REQUIREMENT: Give each line of the records again exactly and omit every picture.

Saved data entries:
/---

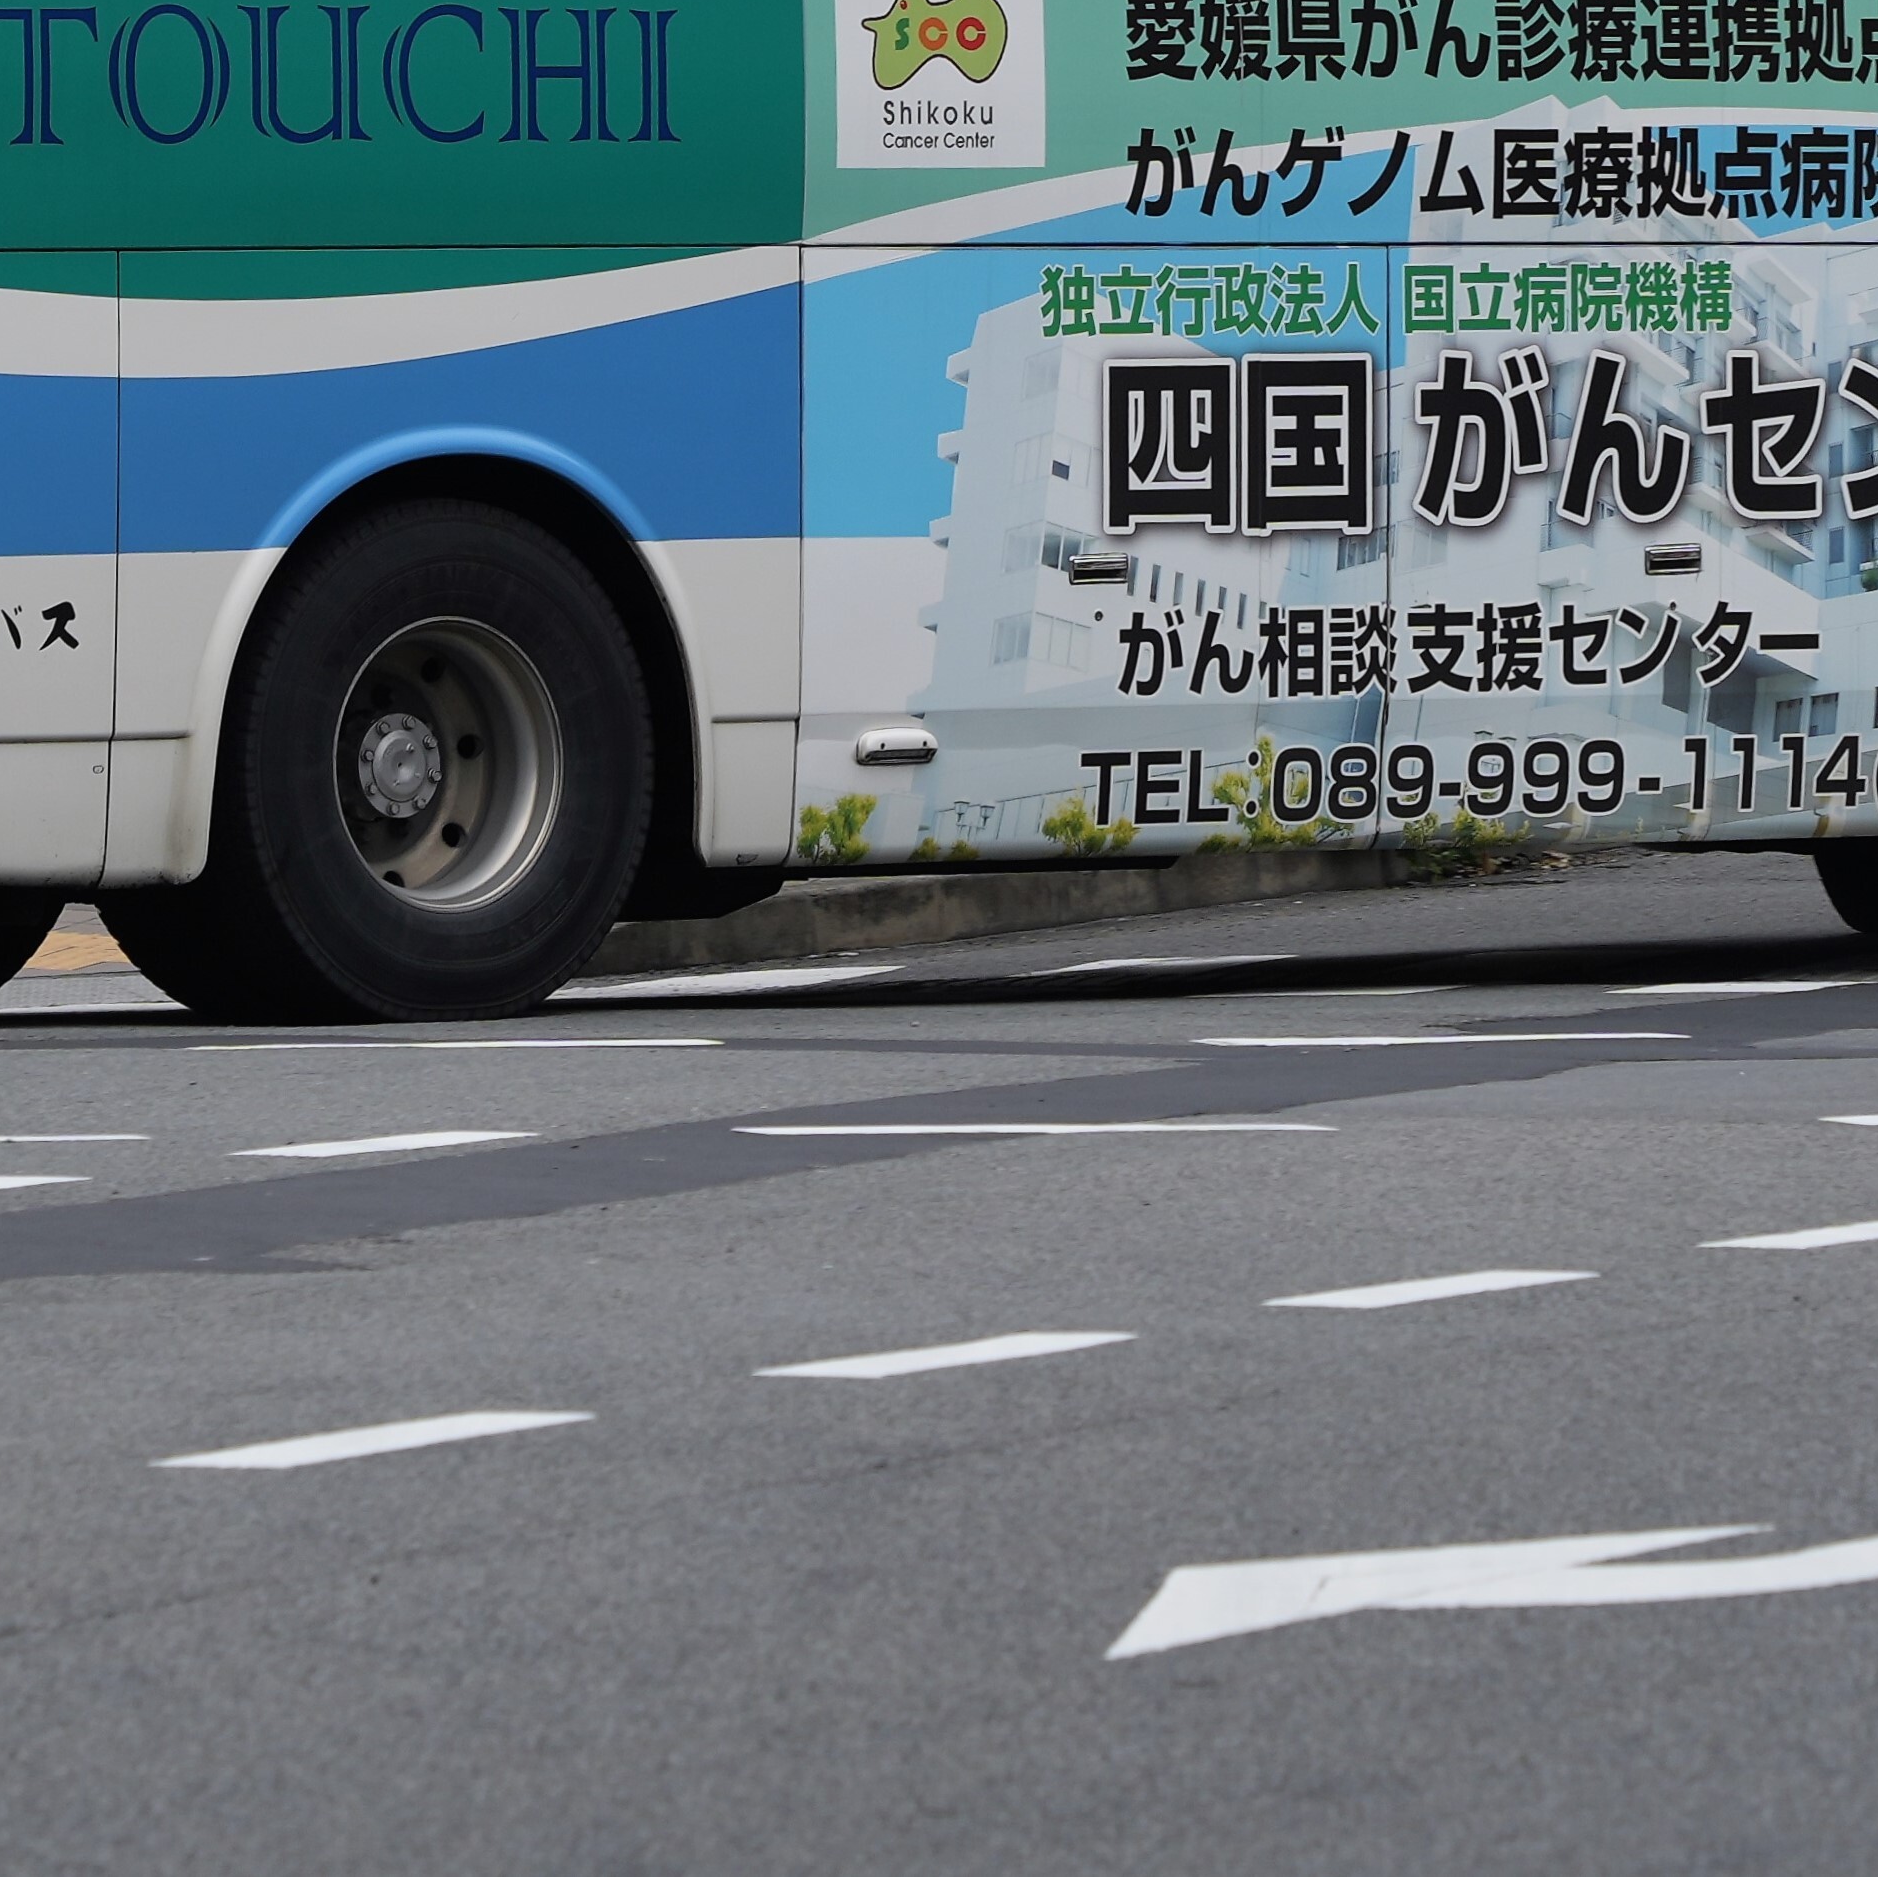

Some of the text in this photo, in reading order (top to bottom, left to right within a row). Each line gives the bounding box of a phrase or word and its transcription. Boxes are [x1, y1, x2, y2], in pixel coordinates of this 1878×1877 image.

[883, 100, 993, 125] Shikoku
[883, 130, 995, 150] Cancer Center
[1040, 259, 1732, 337] 独立行政法人 国立病院機構
[1103, 352, 1372, 535] 四国
[1117, 602, 1820, 697] がん相談支援センター

\---

RESPONSE TO THE TASK:
Some of the text in this photo, in reading order (top to bottom, left to right within a row). Each line gives the bounding box of a phrase or word and its transcription. Boxes are [x1, y1, x2, y2], in pixel coordinates of this 1878×1877 image.

[883, 100, 993, 125] Shikoku
[883, 130, 995, 150] Cancer Center
[1040, 259, 1732, 337] 独立行政法人 国立病院機構
[1103, 352, 1372, 535] 四国
[1117, 602, 1820, 697] がん相談支援センター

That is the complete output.